Drivers crossing the Sakonnet River Bridge tomorrow (Friday) will pass beneath the new toll "gantry," the support towers for which are being built today.

"They will install the gantry overnight," said David Darlington, chairman of the Rhode Island Turnpike and Bridge Authority.

But drivers "should not be alarmed — they won't be charged a toll tomorrow," Mr. Darlington said.

That won't happen until late June or, more likely, early July.

RITBA is trying to determine whether or not to charge tolls over the Fourth of July, Mr. Darlington said. "To avoid the drama" of starting tolls just before the Fourth (a Thursday) … we may wait until the following Monday," although that decision has not yet been made.

While the structure will be in place this Friday, it will still need wiring, cameras and E-ZPass scanners, work that will take another two or three weeks.

After that, the $2.3 million system must all be tested.

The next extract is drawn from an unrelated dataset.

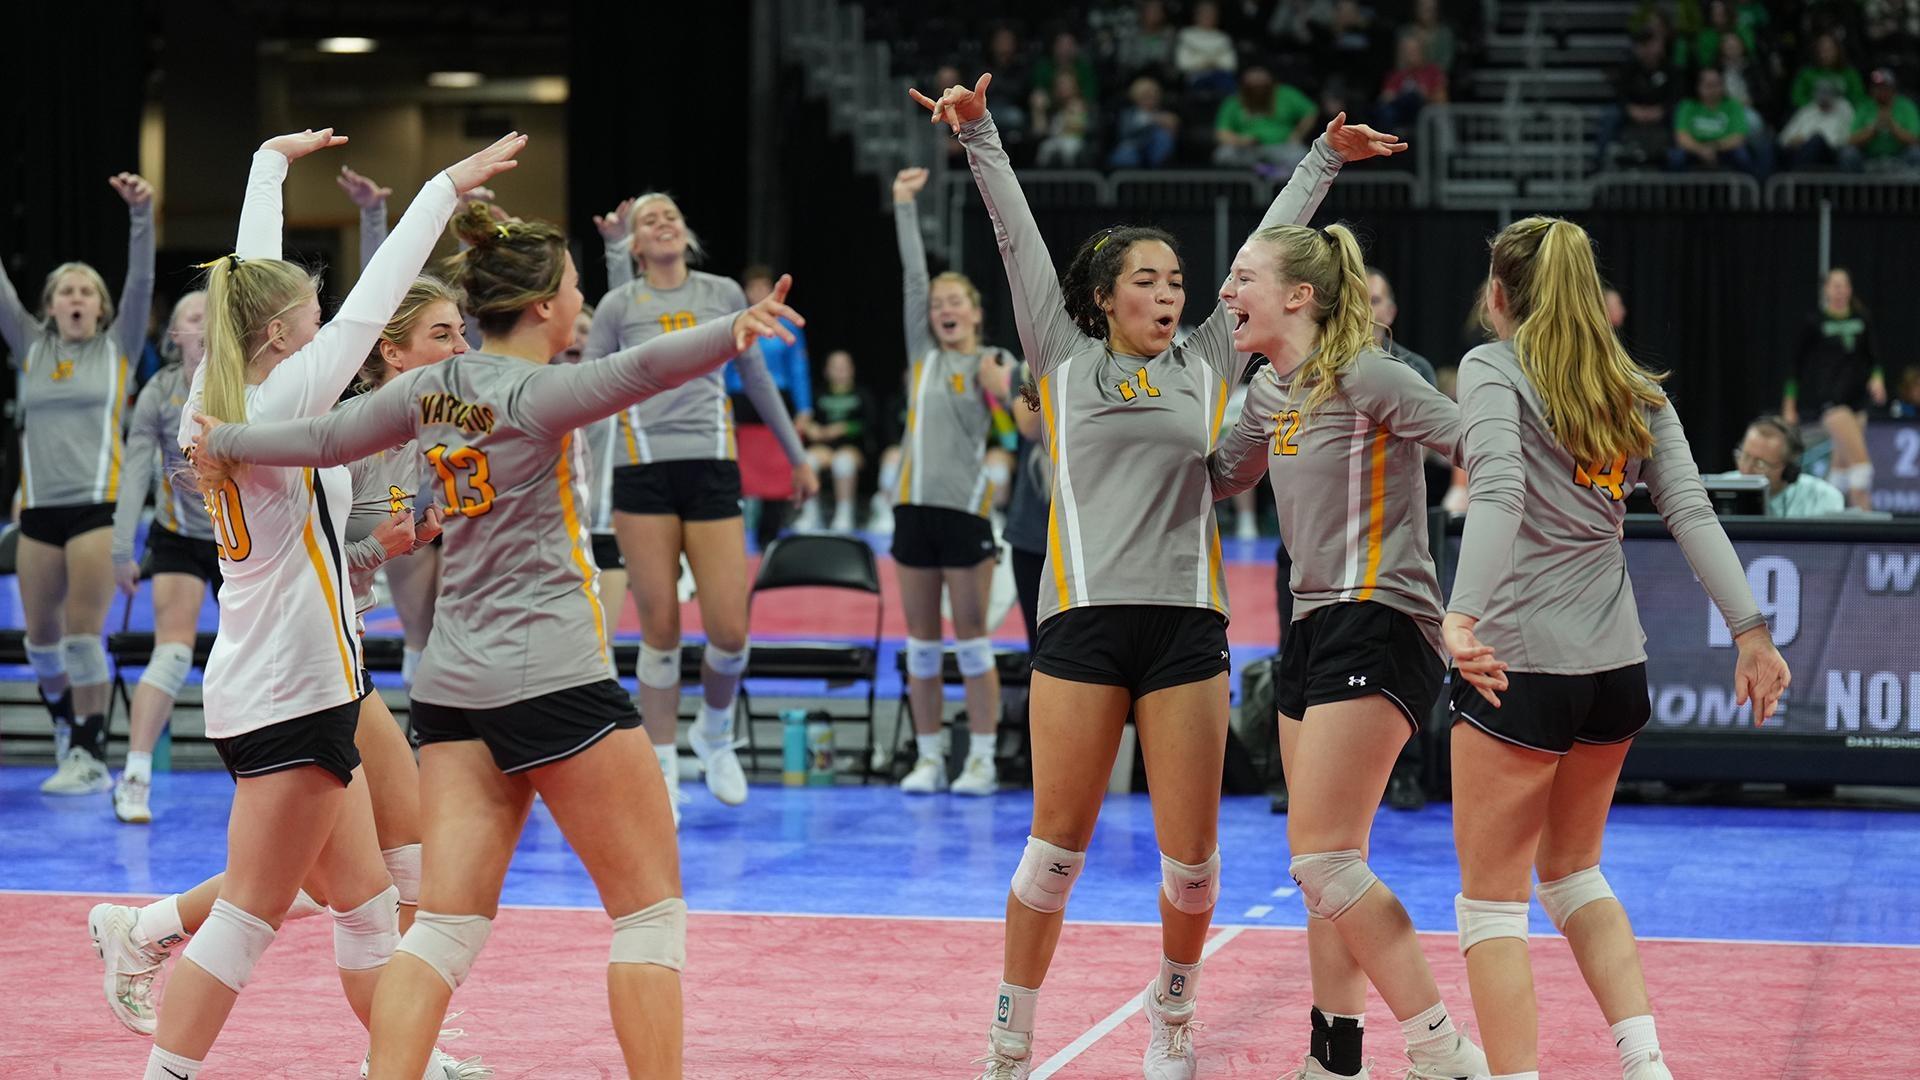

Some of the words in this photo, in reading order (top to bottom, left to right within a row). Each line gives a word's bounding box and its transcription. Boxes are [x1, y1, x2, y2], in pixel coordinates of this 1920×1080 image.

[1272, 410, 1300, 456] 12
[424, 443, 497, 519] 13
[1648, 684, 1791, 728] OM

The "fidelity" of license plate pictures must be honed to make sure that identifications are accurate and nobody is charged who should not be.

"So we are talking five or six weeks altogether," he said.

The open road tolling system is being installed by Law Enforcement Systems, the company hired by RITBA to handle the tolling.

Mr. Darlington said that transponders are available now but that customers should wait until an official announcement is made to take advantage of a purchase price credit that has been set up.

The transponders cost $20.95, an amount that will be credited to the motorist's toll account — "so in effect it will be free," he said. The same deal was available when E-ZPass started a the Newport Bridge.

Transponders will be available via the RITBA website, at the Jamestown headquarters, and at every area AAA office.

The transponders will also work out of state in the northeast part of the country from Illinois to the east and from North Carolina on north.

The work is going on despite the fact that bills before the state legislature aiming to block tolls have not yet been decided. Also not resolved is a lawsuit filed by Portsmouth challenging the legality of the toll plan.

Mr. Darlington said that the Authority is obliged to proceed with tolls. As it now stands, tolls are authorized. If that changes, "we would not charge tolls." What would become of the new equipment  (whose total cost is $2.3 million) has not been decIded.

The 'open road tolling' system means that there will be no toll booths nor toll takers. Toll rates, already approved by the Federal Highway Administration, are  75 cents for vehicles with Rhode Island E-Z Pass tags, $3.75 for out-of-state E-ZPass, and $5.25 for vehicles without E-ZPasses of any kind.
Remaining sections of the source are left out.